The oncologist looked to my wife and said, “Your husband has Double-hit, non-Hodgkin’s Large Diffused B cell, stage IV Lymphoma. It shows up in about 70% of his bone marrow. This is a super-aggressive cancer.” Translated for me, “Your husband is a very sick man.”
The prognosis was no better news than the diagnosis. “He may not live through the first chemotherapy treatment of five days.” Translated for me, “You’re close to pushin’ up daisies.”
Like medical treatment you want done well—and done well the first attempt—so with your belief system. You want it to work well, and the less pain the better. We live in a culture with too much to live with and too little to live for… more interested in how we look than how we see.
A friend told me, “In order to make a man, God breaks a man.” (That’s comforting, isn’t it?! There’s a nice poetic ring to it.) Maybe it’s like a slingshot—God pulls us back to propel us forward. It reminded me of the tale of the parrot, chicken, and eagle, each with a different approach to life’s problems. One talked a lot; one flew a little; and one soared. It’s one thing to flap your mouth (talk), or even flap your wings (do a little). It’s another thing to soar (rise above).
The following is how my life was Lost-‘n’-Found, from cancer diagnosis to remission. This is not a book on how to cure cancer. It is primarily a story of how cancer cured me. Yet the two concepts are complimentary. Perhaps from this reading you will gain fresh insights about soaring. Sure, there are always choices to be made—which doctor, which hospital, which treatment. But equally important is to choose to live with courage and humor and dignity rather than to be cranky and angry and wallow in self-pity. Maybe it will turn your life around; and I don’t mean from depressed and miserable to miserable and depressed.
Without cancer (or other major sting, challenge, trouble, crisis) life can seem like a game. We go ‘round and ‘round the board, passing “Go,” trying to collect all the money and gain all the property we can. But there comes a day when it’s all over—when Father Time has nibbled away all of what Mother Nature gave you—and like the game, someone will place you neatly in a box, close the lid, and put you away.
Confrontation with death can make a person determine the degree to which he or she is a genuine sinner or a fake saint. Was I more concerned about my income than my outcome? Did I have enough affinity for infinity? Did I practice what I preached, and could I preach anything I practiced? Maybe good could come from this.

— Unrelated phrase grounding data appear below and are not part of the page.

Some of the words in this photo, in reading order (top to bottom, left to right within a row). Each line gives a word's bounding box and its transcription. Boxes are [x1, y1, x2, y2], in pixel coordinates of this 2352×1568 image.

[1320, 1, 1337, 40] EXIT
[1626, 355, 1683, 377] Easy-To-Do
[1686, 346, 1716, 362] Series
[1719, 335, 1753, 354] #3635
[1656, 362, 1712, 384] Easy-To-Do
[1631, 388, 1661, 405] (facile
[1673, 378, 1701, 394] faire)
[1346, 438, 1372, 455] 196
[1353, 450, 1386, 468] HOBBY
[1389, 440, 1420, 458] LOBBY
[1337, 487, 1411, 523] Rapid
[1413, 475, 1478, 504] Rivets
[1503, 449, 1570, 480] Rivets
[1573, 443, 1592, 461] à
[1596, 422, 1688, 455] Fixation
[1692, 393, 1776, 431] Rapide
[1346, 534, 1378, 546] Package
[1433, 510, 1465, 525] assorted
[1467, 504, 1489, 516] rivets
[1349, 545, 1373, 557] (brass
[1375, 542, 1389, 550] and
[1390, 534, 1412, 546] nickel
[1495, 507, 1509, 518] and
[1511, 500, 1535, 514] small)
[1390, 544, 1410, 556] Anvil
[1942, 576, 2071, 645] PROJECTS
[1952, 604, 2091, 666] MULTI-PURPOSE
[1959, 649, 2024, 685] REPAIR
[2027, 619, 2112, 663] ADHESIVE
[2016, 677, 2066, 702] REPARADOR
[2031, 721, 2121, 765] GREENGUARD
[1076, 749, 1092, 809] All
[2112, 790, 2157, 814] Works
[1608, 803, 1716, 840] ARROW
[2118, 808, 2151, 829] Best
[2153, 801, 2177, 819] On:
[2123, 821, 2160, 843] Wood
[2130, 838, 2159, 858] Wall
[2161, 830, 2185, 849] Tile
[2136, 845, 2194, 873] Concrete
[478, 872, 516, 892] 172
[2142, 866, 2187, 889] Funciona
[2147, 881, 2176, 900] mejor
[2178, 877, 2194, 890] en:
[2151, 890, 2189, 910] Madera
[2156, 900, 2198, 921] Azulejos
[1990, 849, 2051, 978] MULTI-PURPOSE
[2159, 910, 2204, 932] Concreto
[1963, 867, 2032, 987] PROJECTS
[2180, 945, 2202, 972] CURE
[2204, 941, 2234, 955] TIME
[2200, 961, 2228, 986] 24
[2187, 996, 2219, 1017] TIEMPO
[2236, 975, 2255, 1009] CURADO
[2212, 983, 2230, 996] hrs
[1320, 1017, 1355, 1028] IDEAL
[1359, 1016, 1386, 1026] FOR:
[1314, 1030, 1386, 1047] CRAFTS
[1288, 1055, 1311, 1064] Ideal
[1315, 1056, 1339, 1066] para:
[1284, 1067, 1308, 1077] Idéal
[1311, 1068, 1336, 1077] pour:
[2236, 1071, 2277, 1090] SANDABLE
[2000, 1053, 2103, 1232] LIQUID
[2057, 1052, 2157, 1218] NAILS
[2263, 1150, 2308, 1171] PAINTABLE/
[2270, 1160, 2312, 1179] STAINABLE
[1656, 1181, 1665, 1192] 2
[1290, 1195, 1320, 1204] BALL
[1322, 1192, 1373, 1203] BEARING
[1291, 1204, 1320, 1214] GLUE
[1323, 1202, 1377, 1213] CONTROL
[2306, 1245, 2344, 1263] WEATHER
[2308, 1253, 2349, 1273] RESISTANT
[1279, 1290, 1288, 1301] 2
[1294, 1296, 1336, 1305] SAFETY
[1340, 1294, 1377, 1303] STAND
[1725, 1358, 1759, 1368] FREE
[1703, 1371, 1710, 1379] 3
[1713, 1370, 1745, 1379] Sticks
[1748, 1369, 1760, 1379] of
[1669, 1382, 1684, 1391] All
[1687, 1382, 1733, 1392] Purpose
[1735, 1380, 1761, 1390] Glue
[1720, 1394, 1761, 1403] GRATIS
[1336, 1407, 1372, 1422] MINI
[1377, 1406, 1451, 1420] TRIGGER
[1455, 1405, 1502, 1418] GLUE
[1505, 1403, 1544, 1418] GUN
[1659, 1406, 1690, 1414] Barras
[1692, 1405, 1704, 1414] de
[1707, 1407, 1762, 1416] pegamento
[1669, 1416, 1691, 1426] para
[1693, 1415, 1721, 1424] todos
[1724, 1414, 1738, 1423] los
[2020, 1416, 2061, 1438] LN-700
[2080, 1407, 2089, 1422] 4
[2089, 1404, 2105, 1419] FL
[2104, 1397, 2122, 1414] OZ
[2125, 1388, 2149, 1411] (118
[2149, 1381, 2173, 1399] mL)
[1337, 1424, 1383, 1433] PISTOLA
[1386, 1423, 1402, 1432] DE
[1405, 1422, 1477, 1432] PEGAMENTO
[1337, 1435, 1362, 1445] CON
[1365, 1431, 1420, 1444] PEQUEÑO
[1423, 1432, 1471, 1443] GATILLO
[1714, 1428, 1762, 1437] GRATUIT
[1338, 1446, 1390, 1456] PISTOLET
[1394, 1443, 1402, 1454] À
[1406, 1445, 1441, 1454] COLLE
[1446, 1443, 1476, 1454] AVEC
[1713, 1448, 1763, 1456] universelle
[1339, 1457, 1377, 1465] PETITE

Did I think Scripture was full of promises of God, or of premises about God? Did I merely believe in God or did I actually believe God? Did I just know what He said, or could I also hear Him speaking? Processing these concepts was difficult—not because of the paralysis of analysis, but because there’s no easy way to get there from here. And it takes time and challenges to create the environment for confronting and contemplating such questions.

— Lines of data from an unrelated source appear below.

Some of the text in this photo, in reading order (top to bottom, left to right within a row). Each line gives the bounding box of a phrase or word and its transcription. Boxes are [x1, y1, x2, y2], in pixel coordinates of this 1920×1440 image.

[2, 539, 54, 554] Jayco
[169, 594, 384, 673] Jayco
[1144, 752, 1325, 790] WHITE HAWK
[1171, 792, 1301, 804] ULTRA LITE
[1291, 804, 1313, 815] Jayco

It is easy to have faith when it is easy to have faith. You don’t need much faith. Just act on the faith you have. Fortunately, God has given each of us a measure of faith (Romans 12:3). It is “the substance of things hoped for, the evidence of things not seen” (Hebrews 11:1). Sure, there are always reasons to doubt. Faith is not acting without doubt, it is acting despite doubt. Learn to doubt your doubts, not your faith. My little faith was defined and refined somewhat, but it was still little faith.
This was not the script for my life that I would write, but who is to say it was not the right script? I would not want to repeat the experience, but there are some things only learned—and/or best learned—through suffering. Our lives can get stuffed with so much stuff, however good, with ceaseless motion and commotion, that the important is neglected. Suffering is like cleaning out your refrigerator: you discover items (usually in the back or under a stack) that have exceeded their shelf life and are no longer useful, wanted, or necessary. When God is all you have, it is then you realize that God is all you need. So hold tightly to God and loosely to everything else!
I was dying to live until I lived like I was dying. Don’t you think the Lord is just as concerned about the state of the living as He is about the state of the dead? There is:
• no pain He cannot relieve
• no sickness He cannot heal
• no problem He cannot solve
• no broken relationship He cannot fix.